**EXERCISE:** Leave out every picture, then transcribe the rest of the listing exactly.

◇ ◇ ◇

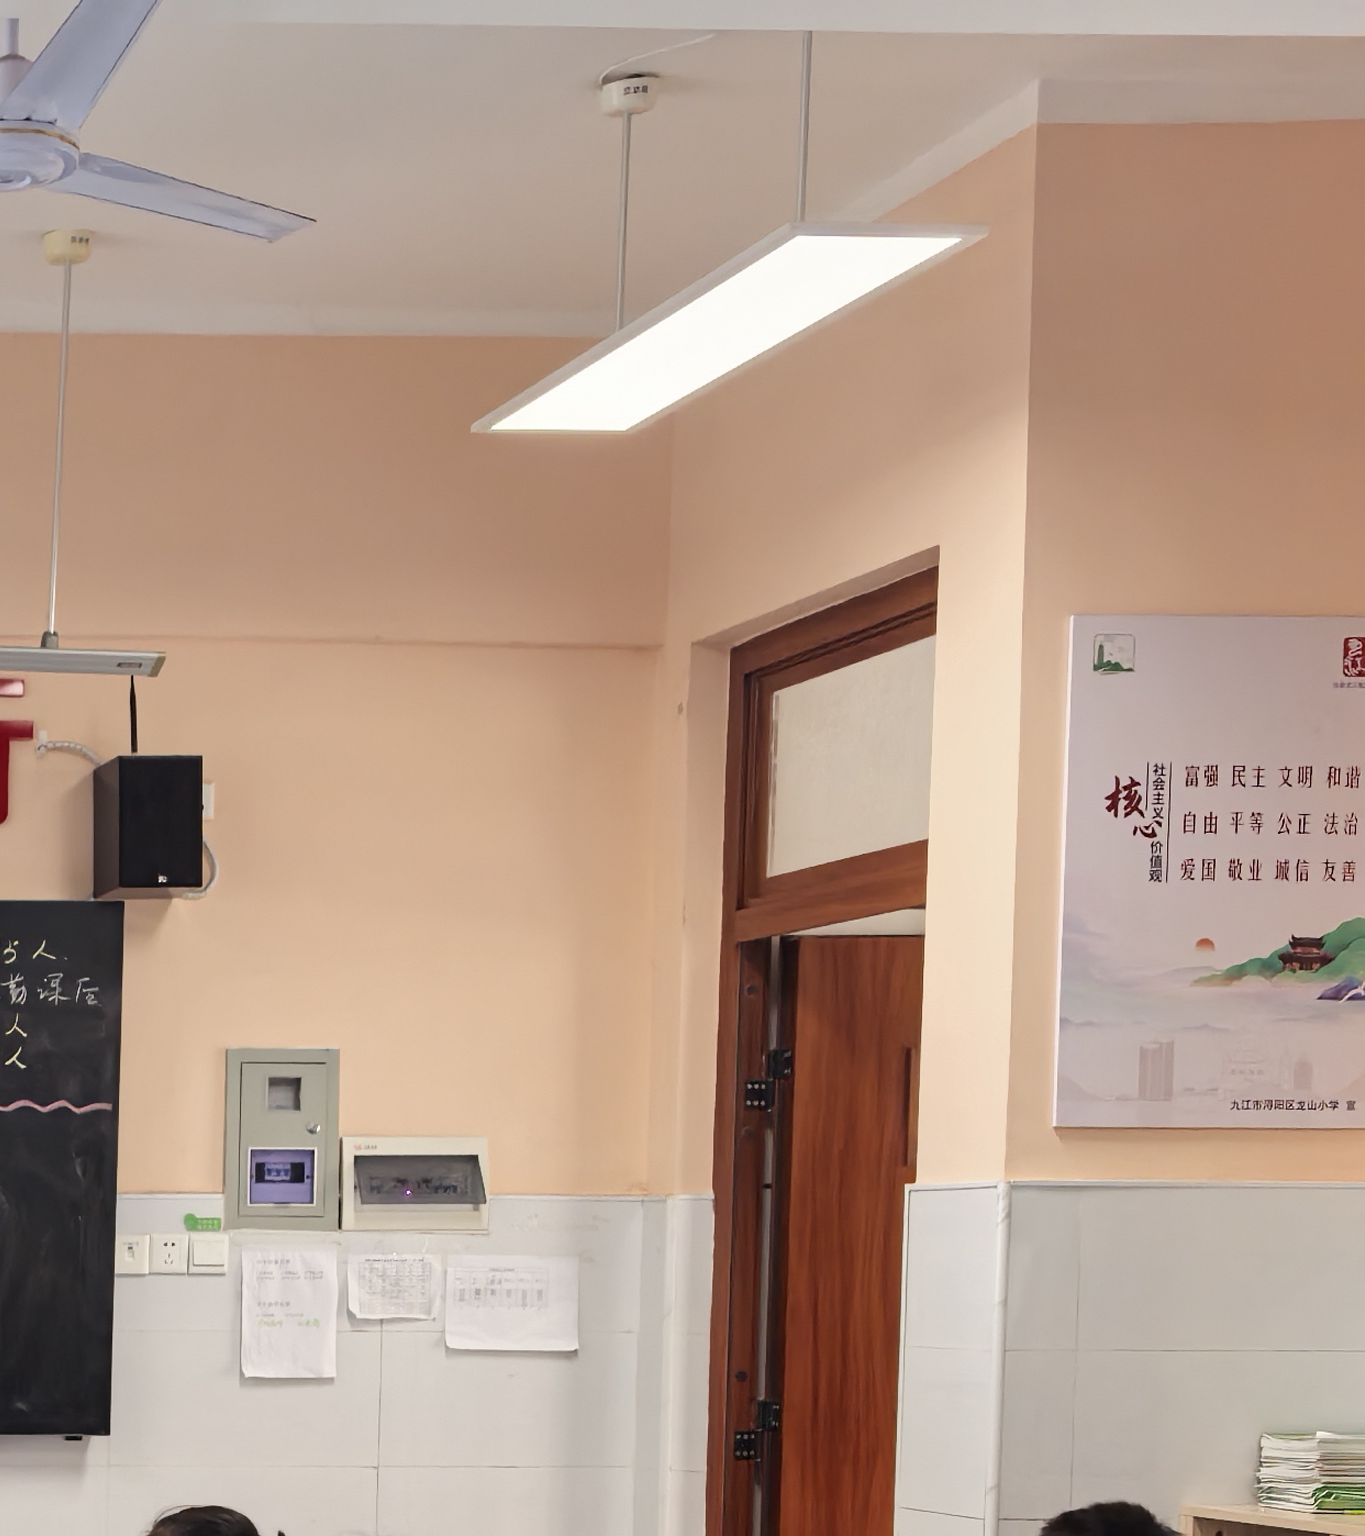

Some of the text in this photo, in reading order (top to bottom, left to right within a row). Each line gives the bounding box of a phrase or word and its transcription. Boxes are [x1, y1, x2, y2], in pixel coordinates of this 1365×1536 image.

[1184, 764, 1362, 789] 富强 民主 文明 和谐
[1151, 763, 1167, 820] 社会主义
[1104, 775, 1164, 839] 核心
[1182, 811, 1359, 835] 自由 平等 公正 法治
[1148, 840, 1164, 883] 价值观
[1180, 858, 1357, 883] 爱国 敬业 诚信 友善
[5, 1012, 28, 1037] 人
[4, 1046, 27, 1070] 人

◇ ◇ ◇

**EXERCISE ANSWER:**
Some of the text in this photo, in reading order (top to bottom, left to right within a row). Each line gives the bounding box of a phrase or word and its transcription. Boxes are [x1, y1, x2, y2], in pixel coordinates of this 1365×1536 image.

[1184, 764, 1362, 789] 富强 民主 文明 和谐
[1151, 763, 1167, 820] 社会主义
[1104, 775, 1164, 839] 核心
[1182, 811, 1359, 835] 自由 平等 公正 法治
[1148, 840, 1164, 883] 价值观
[1180, 858, 1357, 883] 爱国 敬业 诚信 友善
[5, 1012, 28, 1037] 人
[4, 1046, 27, 1070] 人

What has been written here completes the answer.